A segunda Parashat Shavua do ano é Nóaj (Noah). Da última vez, falamos de Gênesis 3 como o capítulo crucial para a compreensão da teologia Cristã: na verdade, se perguntamos a qualquer Cristão hoje, «por que há pecado no mundo?» quase sem dúvida a resposta seria: «a queda» —mas nem sempre foi assim. «Se vocês perguntassem a um Judeu vivendo no período do Segundo Templo a mesma pergunta, a resposta seria dramaticamente diferente». Sim, a entrada do pecado no mundo bom de Deus ocorreu no Éden, mas o testemunho unânime do Judaísmo do Período do Segundo Templo é que «os vigilantes são culpados pela proliferação do mal na Terra».[1]

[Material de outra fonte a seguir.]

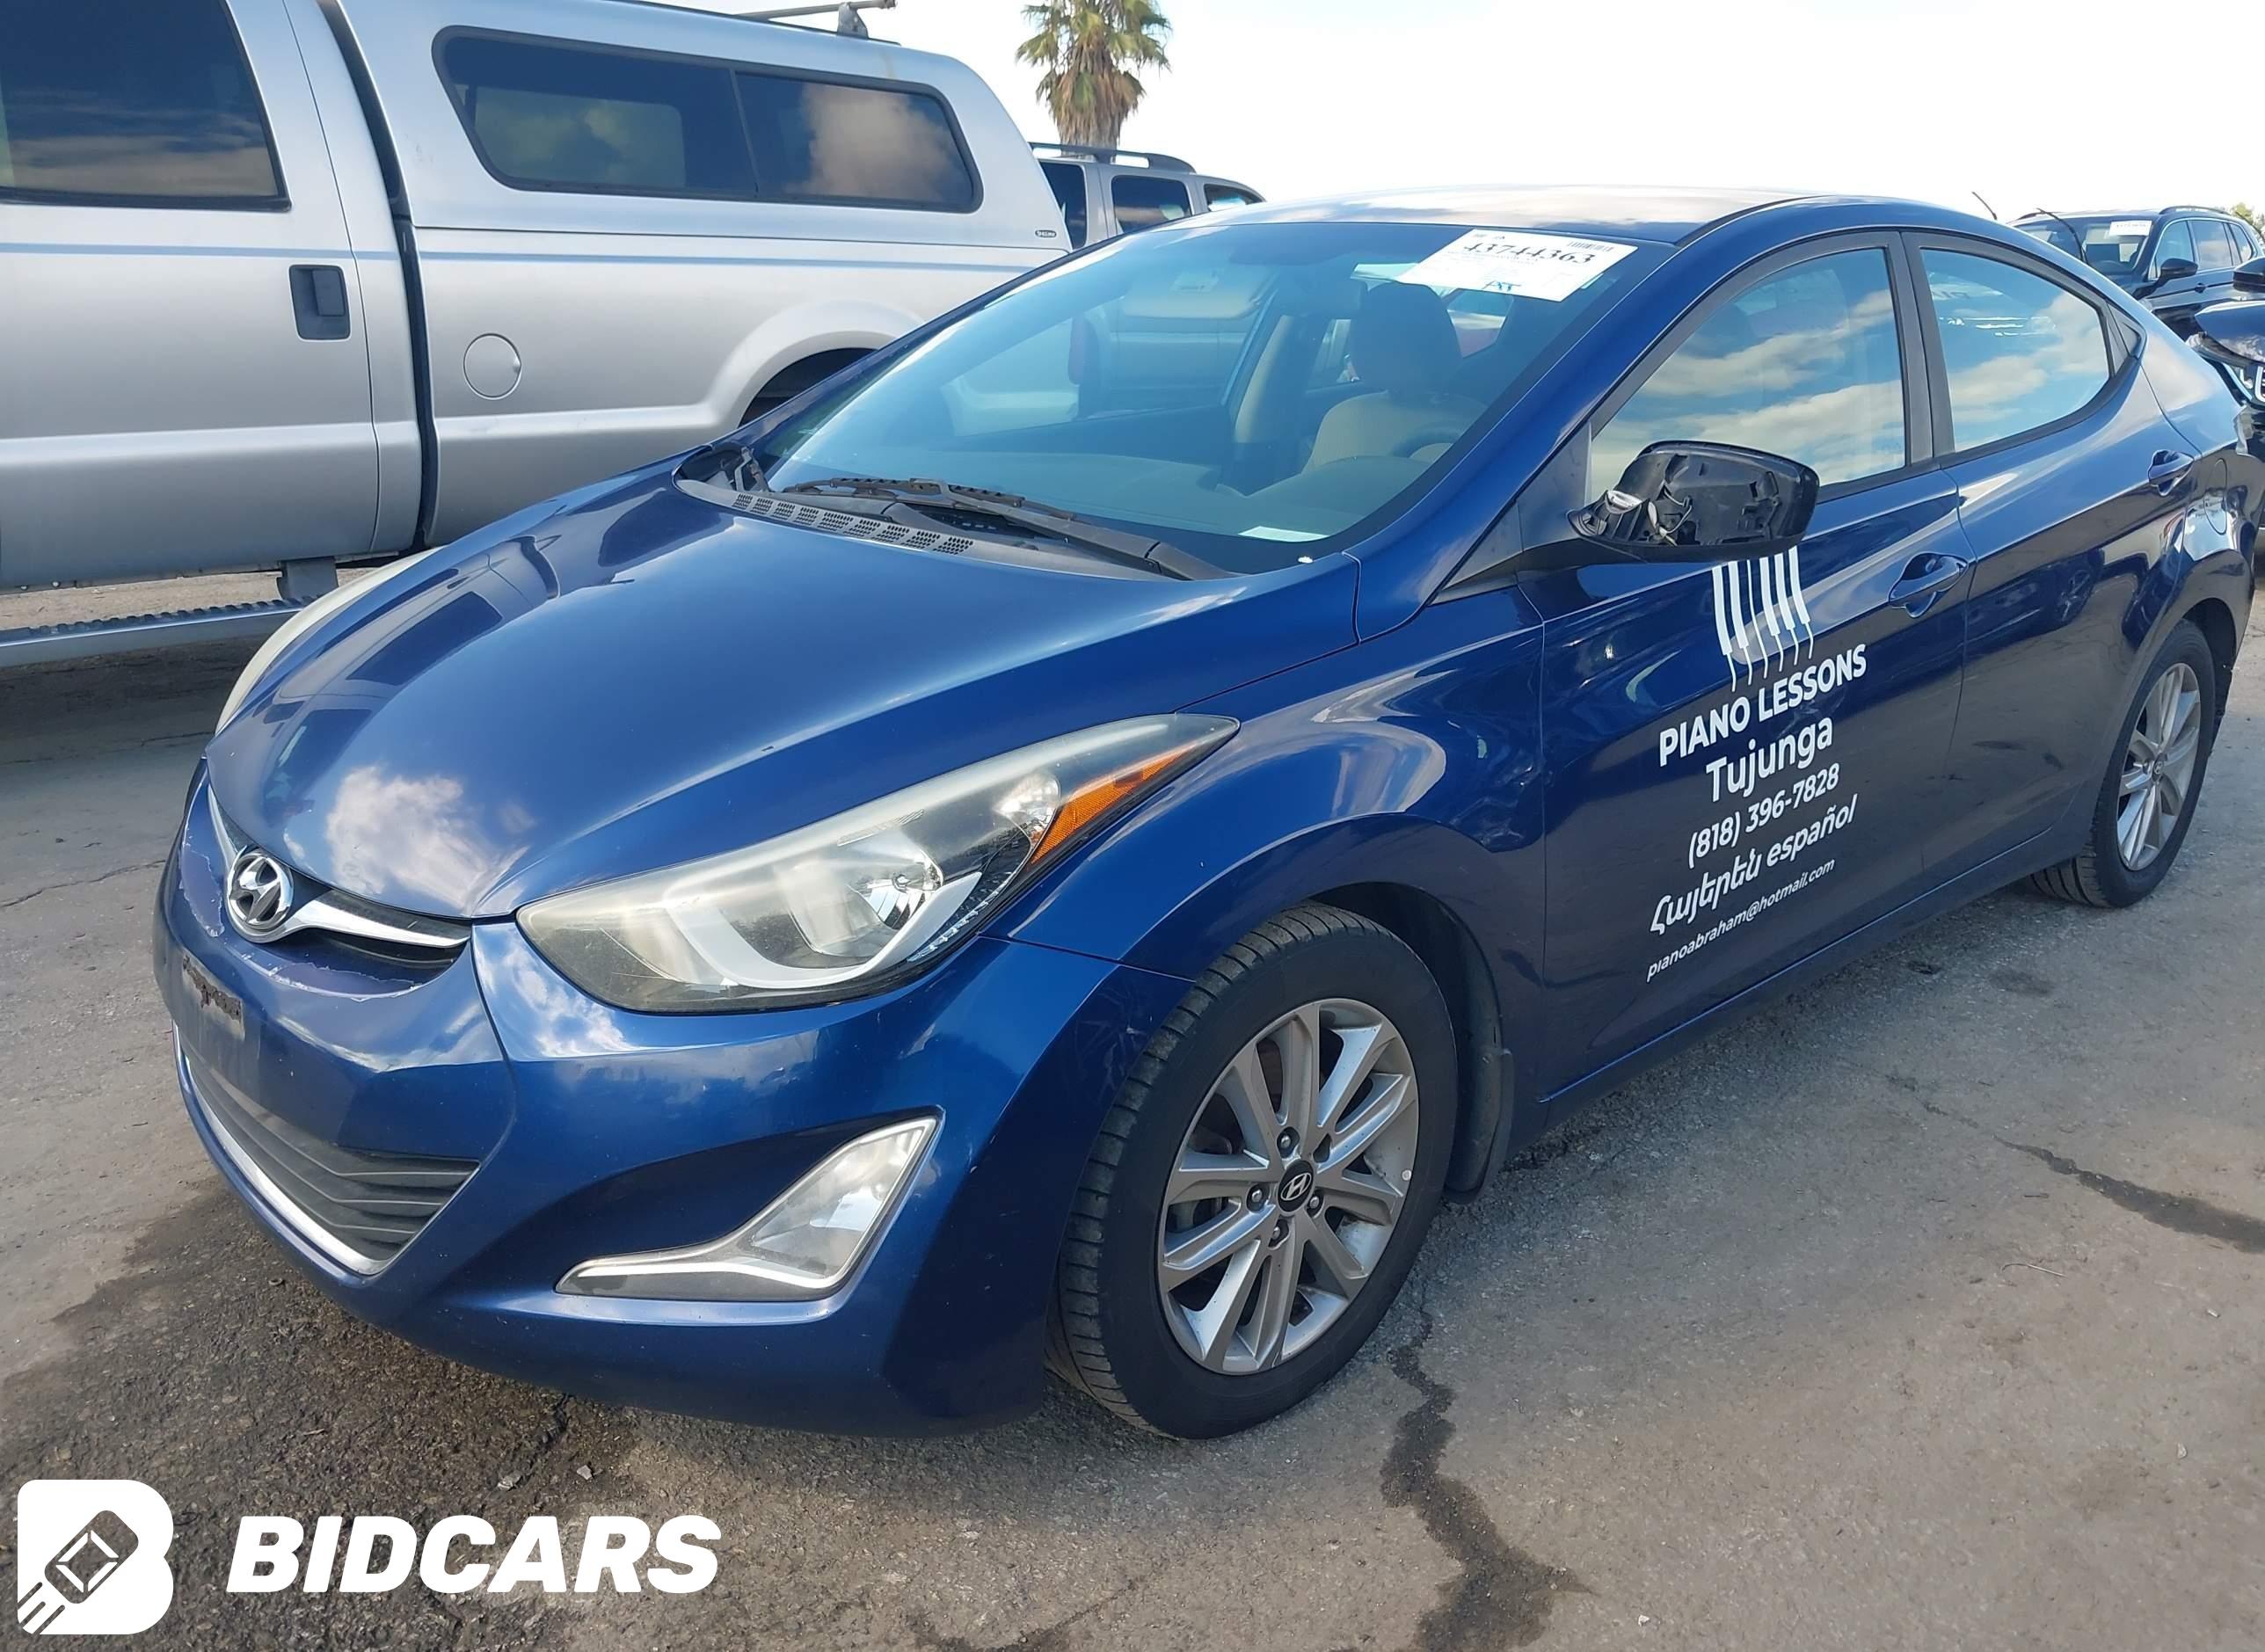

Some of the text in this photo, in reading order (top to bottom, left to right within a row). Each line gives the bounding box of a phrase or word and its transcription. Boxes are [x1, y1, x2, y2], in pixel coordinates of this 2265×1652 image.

[1463, 240, 1596, 264] 43744363
[1658, 643, 1868, 768] PIANO LESSONS
[1705, 717, 1833, 803] Tujunga
[1650, 793, 1859, 935] Հայերեն español
[1687, 762, 1840, 870] (818) 396-7828
[1646, 858, 1835, 982] pianoabraham@hotmail.com

Para entender quem eram esses vigilantes, vamos ler o terrível começo do capítulo 6 do livro de Gênesis (mesmo que esses versículos formalmente ainda pertençam à primeira porção da Torá, vamos discuti-los aqui, já que a história de Noé e a imagem de Noé no Novo Testamento não podem ser compreendidas corretamente sem esta história). Poucas passagens da Bíblia levantam tantas perguntas como estes versículos:

«…vendo os filhos de Deus que as filhas dos homens eram formosas, tomaram para si mulheres, as que, entre todas, mais lhes agradaram… ora naquele tempo havia gigantes na terra; e também depois, quando os filhos de Deus possuíram as filhas dos homens, as quais lhes deram filhos…»

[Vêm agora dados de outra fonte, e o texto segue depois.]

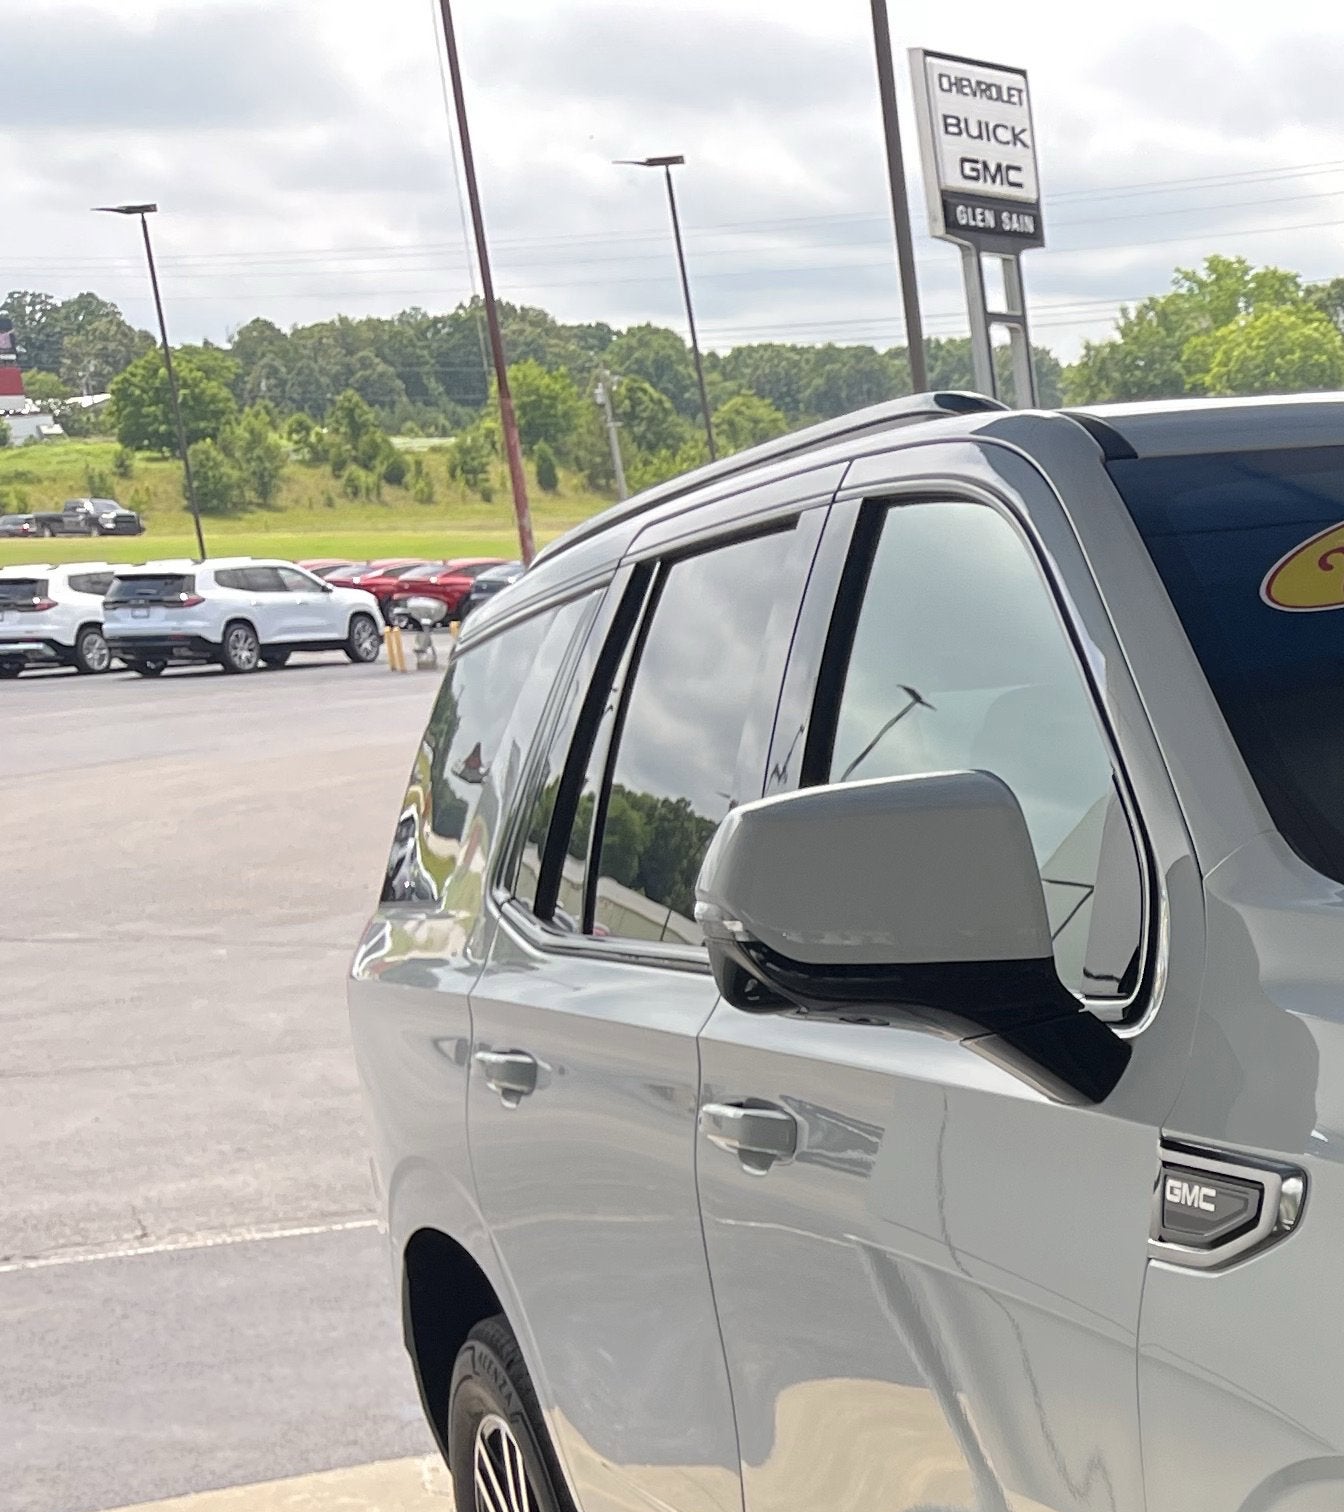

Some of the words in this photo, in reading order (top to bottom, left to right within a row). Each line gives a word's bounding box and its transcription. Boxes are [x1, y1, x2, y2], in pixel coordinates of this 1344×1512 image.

[938, 73, 1023, 107] CHEVROLET
[942, 114, 1030, 149] BUICK
[960, 157, 1023, 188] GMC
[956, 204, 996, 228] GLEN
[1001, 211, 1036, 234] SAIN
[1165, 1178, 1216, 1212] GMC

Durante séculos, as pessoas têm debatido se a expressão «filhos de Deus» aqui se refere a anjos ou a homens, e quem foram estes nefilím/gigantes. Muitos estudiosos respeitados comentaram sobre este tema ao longo dos anos, e a identidade dos nefilím e dos filhos de Deus ainda hoje está sendo debatida. No entanto, na compreensão do Judaísmo do Período do Segundo Templo, os vigilantes, ou «os filhos de Deus» eram claramente seres angelicais; portanto, o Judaísmo do Período do Segundo Templo via nesses versículos não apenas a história de uma rebelião sobrenatural, mas uma das passagens centrais na teologia bíblica e na compreensão do plano de Deus na história. O Livro dos Vigilantes (primeira parte do livro de Enoque) descreve a revolta dos vigilantes celestiais, que levaram ao mal na terra. Os vigilantes produzem gigantes na terra pela sua união com as mulheres humanas, e estes gigantes não são apenas moralmente maus, mas também espiritualmente destrutivos. Uma vez que os escritores do Novo Testamento pertenciam ao Judaísmo do Período do Segundo Templo, essa compreensão dos vigilantes sendo responsáveis pela propagação do mal na terra, tinha que ser parte de sua teologia e nós temos que ter isso em mente enquanto lemos as Escrituras do Novo Testamento referindo-se a Noé (ver, por exemplo, Mateus 24:36-39; 2 Pedro 2:1-9, 2 Pedro 3:18-20).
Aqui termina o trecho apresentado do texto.